Major part of law is to give choice
• Your story on union recognition and the Central Arbitration Committee (Personnel Today, 25 July) seems a bit wide of the mark.
A major plank of the union recognition provisions under the Employment Relations Act 1999 is to allow employers some choice in the question of which union they might want to recognise.
The import of the case of the Prison Services Union/Prison Officers’ Association and Premier Prison Services is the same as that in a number of other recent cases, such as Aslef/TGWU at Eurotunnel, ISTC/TGWU at JVC electronics or AEEU/TGWU at Rosti plastics – that is that employers can forestall “advances” from one union for recognition by voluntarily recognising another.
While Acas might become involved in such cases, it would seem unlikely that the CAC would overturn such a central tenet of the new legislation. I would expect the CAC to say it doesn’t have a remit to be involved in these cases (unless there is an attempt to derecognise what may be seen as a non-independent “sweetheart” union by a group of workers and gain recognition for an independent union using statutory means).
This also means it is only a partial truth for the POA to lament that the “abuse of the thrust of the law”, however great that injustice might actually be. Now we can begin to see in practice the strictures of a law which was heavily influenced by lobbying from employer organisations.
Dr Gregor Gall
Senior lecturer in industrial relations
University of Stirling
Flexible mums a valuable resource
• I have just read your article “HR holds the key to firms survival in flexible future” (Personnel Today, 4 July) and would like to make the following comments.
I believe it will take a long time for the vast majority of employers to realise mothers can make a major contribution to a company under flexible working hours.
The “enlightened” employers you mentioned must be in a very small minority. As a mother of two, I have had to return to full-time work to: a) make it financially practicable (after paying a childminder/nanny), and b) to be able to work at the same level in the company that I enjoyed before becoming a mother.
I have many friends with professional qualifications and many years’ experience who are also in the dilemma of work versus children. If there is any way we can show employers we are capable of holding down a responsible job even on a part-time basis I would love to know what it is.
Name and address supplied
References must be used with care
• After reading “Words of warning when writing staff references” (Legal, 27 June), I totally agree with Louise Fairhurst’s comments.
Writing a reference is a worrying task, not to mention receiving a reference and wondering how accurate it is.

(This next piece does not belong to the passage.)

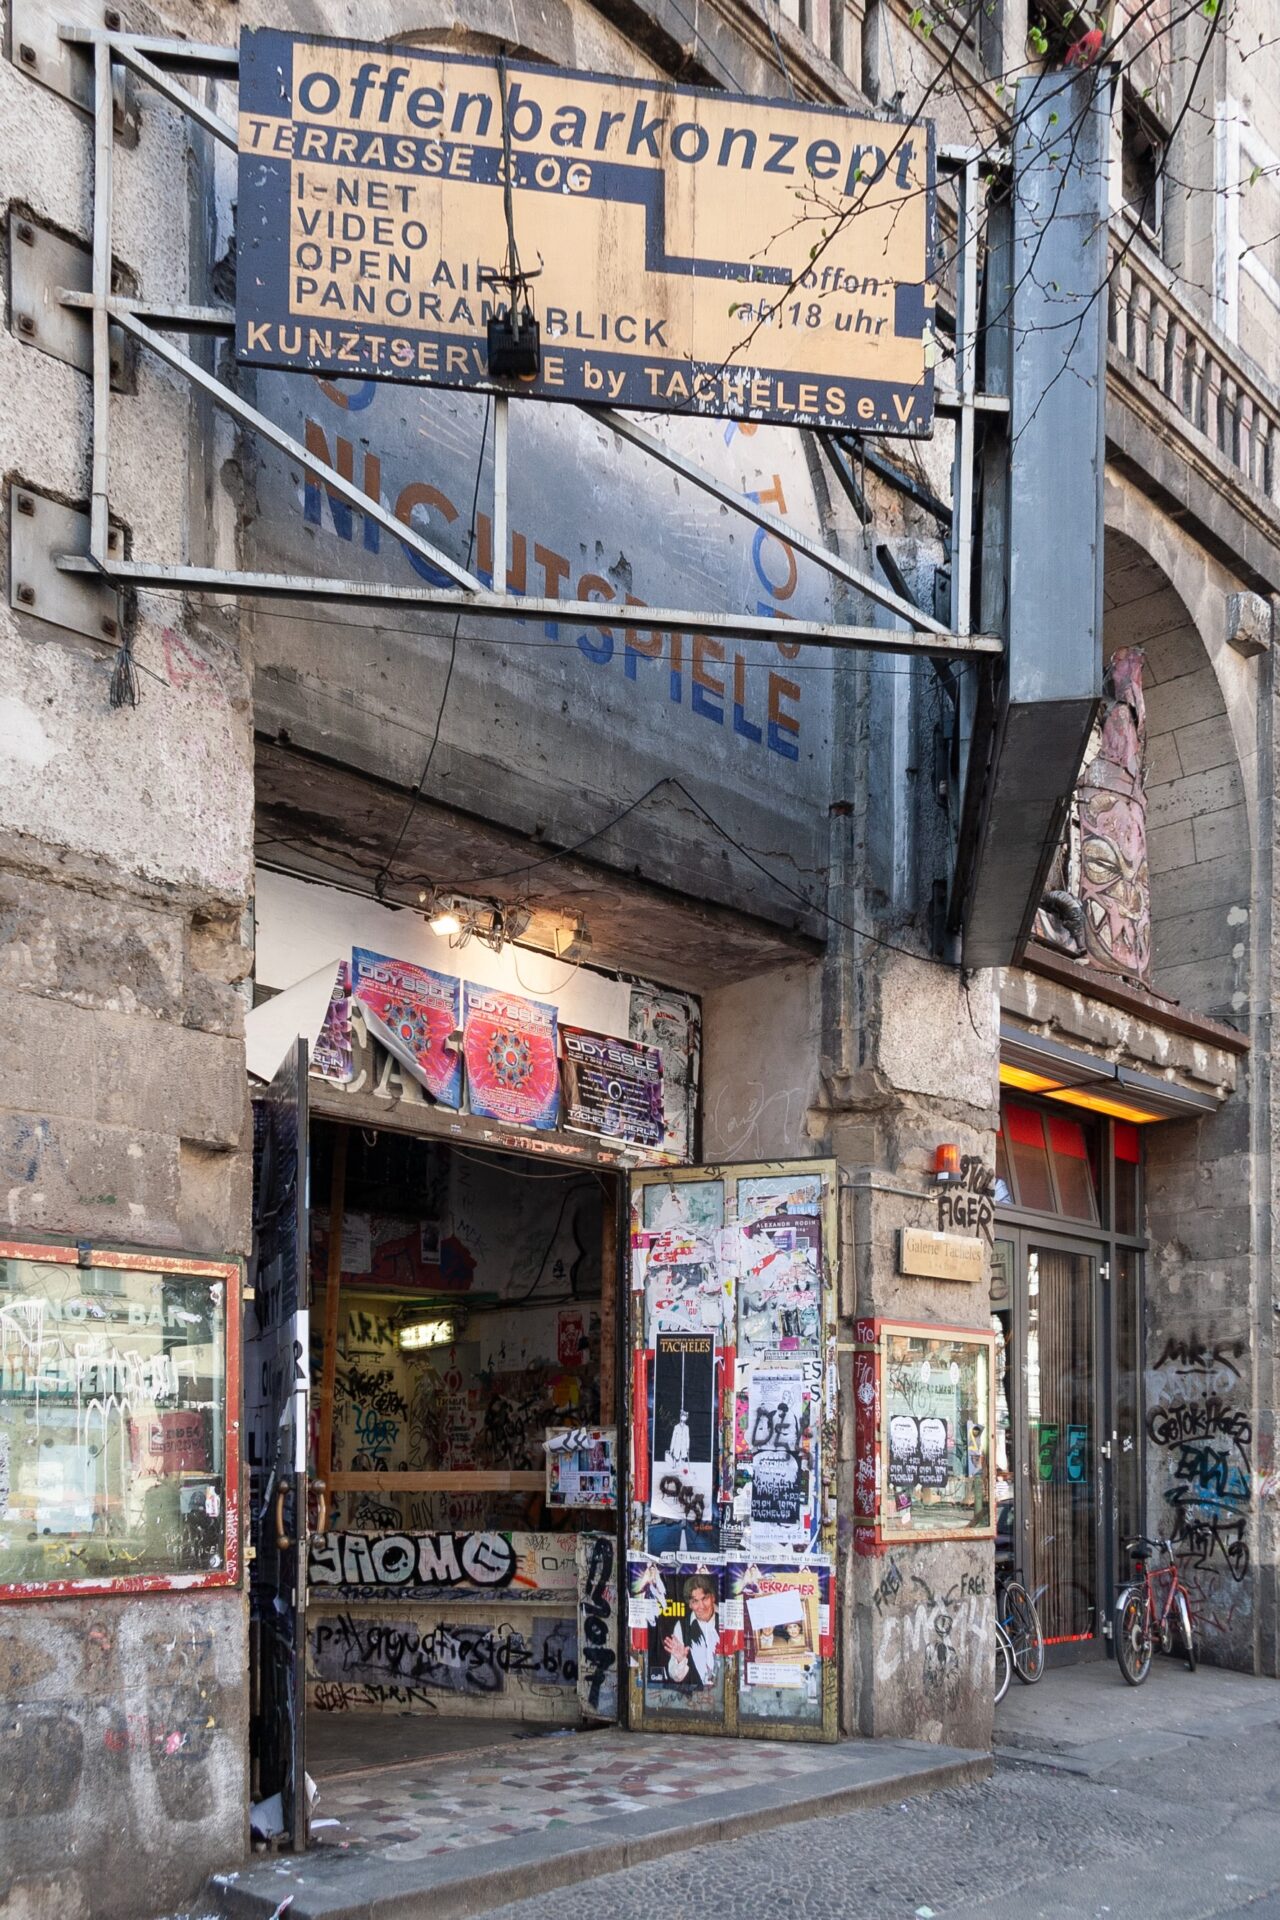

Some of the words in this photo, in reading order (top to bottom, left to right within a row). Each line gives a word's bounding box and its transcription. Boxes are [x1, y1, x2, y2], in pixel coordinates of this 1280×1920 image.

But where would we be without them? One of the recommendations of the report made post-Beverley Allitt was to take up two references (at least one from the previous employer) for nursing staff in the NHS. If references had been taken up on Allitt they may have found she had missed 126 days out of 110 weeks of training due to unrelated and insubstantiated health problems. This may have indicated that she suffered from Munchausen Syndrome and given cause to question it.
This is not an isolated case. When I worked as a personnel officer for the NHS, I came across a situation where a reference on a nurse was refused. On probing further, I found he been administering his own prescriptions and had almost killed a patient.
I do not believe we should scrap references, but they should be used and given wisely. I certainly bear references in mind, but also put them in perspective to the position applied for.
Personnel and training officer
Peverel OM Management Services
Ill health is not an easy way out
• Re your story on ill health retirement in the public sector (Personnel Today, 18 July). The suggestion that it is easy for staff in local government to get retirement on ill health grounds is a nonsense. A process using stiff (and audited) criteria for assessment of all cases together with the judgement of an independent occupational physician hardly lends itself to being a charter for the incompetent.
So what do we do with staff who become too ill to carry on in their job? I should think a few of my colleagues uttered a hollow laugh at the idea that we could conjure up enough jobs that carry what the Government euphemistically called “lighter duties” for everyone with a debilitating illness.
The answers are more complicated than Whitehall would have the public believe. As Jackie Wiltshire, head of personnel at Wokingham District Council, said, we use modern HR approaches of preventing illness and redeployment policies when this fails. As the sharp drop in ill health retirements during the 1990s suggests, this is a technique that is working.